Quando havia a festa de Natal e outras festas, era isso que o Sr. Manuel dizia, que éramos todos uma grande família. Lembro-me dessas festas serem feitas no edifício da Romeira, em Alenquer, porque já não cabíamos todos aqui.

Havia quatro ou cinco pessoas que geravam alguns problemas, mas de resto não havia nada a dizer. Até ao nível dos patrões, eram sempre muito atenciosos com as pessoas e tudo corria bem.

Visita. Arlindo em visita às fábricas MCG.

“Éramos como se fosse uma grande família.”

Depois de sair foi acompanhando o que a empresa tem feito, certamente. O que acha da evolução da MCG?

Eu sou quase aqui vizinho, vivo no Carregado. Vejo muitas vezes as pessoas de cá e também o Sr. Medeiros, o José Graça Medeiros e a Isabel Medeiros [respetivamente o administrador, o CEO e a Diretora de Recursos Humanos da empresa]. Saí da MCG a bem e continuei com uma
boa relação com todos.

Acho que a empresa acompanhou muito bem o passar do tempo e eu vou seguindo, vou vendo tudo na Revista M. Há muito progresso, está tudo evoluído face ao tempo que cá estive. E vi que vão construir mais fábricas ali nos terrenos ao lado que estão vazios, também. No meu tempo ainda havia muitas peças para automóveis a serem feitas à mão, trabalho manual; depois chegaram as prensas e as máquinas, e hoje está tudo modernizado, tudo automatizado. É bom.

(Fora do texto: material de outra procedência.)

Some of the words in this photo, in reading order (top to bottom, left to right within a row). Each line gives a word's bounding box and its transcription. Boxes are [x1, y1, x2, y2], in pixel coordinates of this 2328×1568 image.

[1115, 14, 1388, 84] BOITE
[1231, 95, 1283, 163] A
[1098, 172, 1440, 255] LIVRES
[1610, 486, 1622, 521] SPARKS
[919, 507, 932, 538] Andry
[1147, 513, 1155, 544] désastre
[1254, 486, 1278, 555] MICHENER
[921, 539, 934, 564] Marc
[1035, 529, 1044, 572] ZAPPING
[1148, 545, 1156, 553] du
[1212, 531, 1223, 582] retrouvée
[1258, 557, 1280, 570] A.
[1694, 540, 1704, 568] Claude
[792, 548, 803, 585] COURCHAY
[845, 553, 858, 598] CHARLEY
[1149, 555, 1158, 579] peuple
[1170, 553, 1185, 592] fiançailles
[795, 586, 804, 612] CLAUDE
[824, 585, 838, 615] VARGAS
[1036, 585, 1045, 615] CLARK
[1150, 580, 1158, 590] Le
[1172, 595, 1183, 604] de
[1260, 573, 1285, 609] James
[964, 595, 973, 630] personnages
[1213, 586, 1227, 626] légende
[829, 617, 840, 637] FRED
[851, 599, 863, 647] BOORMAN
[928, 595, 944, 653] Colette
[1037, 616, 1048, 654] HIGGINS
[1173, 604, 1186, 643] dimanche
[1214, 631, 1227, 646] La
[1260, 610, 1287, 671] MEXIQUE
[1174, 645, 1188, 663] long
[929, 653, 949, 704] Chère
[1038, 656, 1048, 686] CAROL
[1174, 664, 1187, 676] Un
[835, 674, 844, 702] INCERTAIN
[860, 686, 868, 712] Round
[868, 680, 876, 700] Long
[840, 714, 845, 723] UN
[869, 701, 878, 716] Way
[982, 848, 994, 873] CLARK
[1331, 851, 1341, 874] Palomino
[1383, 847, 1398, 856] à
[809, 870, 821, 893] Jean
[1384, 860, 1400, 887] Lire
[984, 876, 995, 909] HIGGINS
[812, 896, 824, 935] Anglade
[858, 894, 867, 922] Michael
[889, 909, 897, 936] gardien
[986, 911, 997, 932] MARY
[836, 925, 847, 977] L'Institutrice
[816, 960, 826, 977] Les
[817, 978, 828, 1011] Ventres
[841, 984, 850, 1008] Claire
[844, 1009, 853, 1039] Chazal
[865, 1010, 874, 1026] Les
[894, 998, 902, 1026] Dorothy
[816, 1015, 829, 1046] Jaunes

Lembro-me de todo este espaço à volta destas fábricas ter a estrada e o chão só com terra. O Sr. Manuel andava para cima e para baixo naquele carrinho que ele tinha, ia lá ao bar com os sapatos todos sujos de lama! Mas o refeitório ainda está igual e no mesmo sítio!

Reencontro. Arlindo com Isabel Medeiros, Diretora de Recursos Humanos da MCG e neta de Manuel da Conceição Graça, fundador da MCG.

“Hoje está tudo modernizado, tudo automatizado. É muito bom.”

O que significou a MCG na sua vida?

Foi uma empresa muito boa para mim. Nunca me faltou o vencimento a tempo e horas, e até houve uma altura em que éramos para ser dispensados, eu e outro rapaz, na altura, e o Sr. Medeiros acabou por encontrar condições para ficarmos. Eu não era do ramo desta indústria, mas o meu trabalho era preciso e eu alinhei-me com a empresa. E assim fiquei cá mais de 20 anos, quase 26 anos!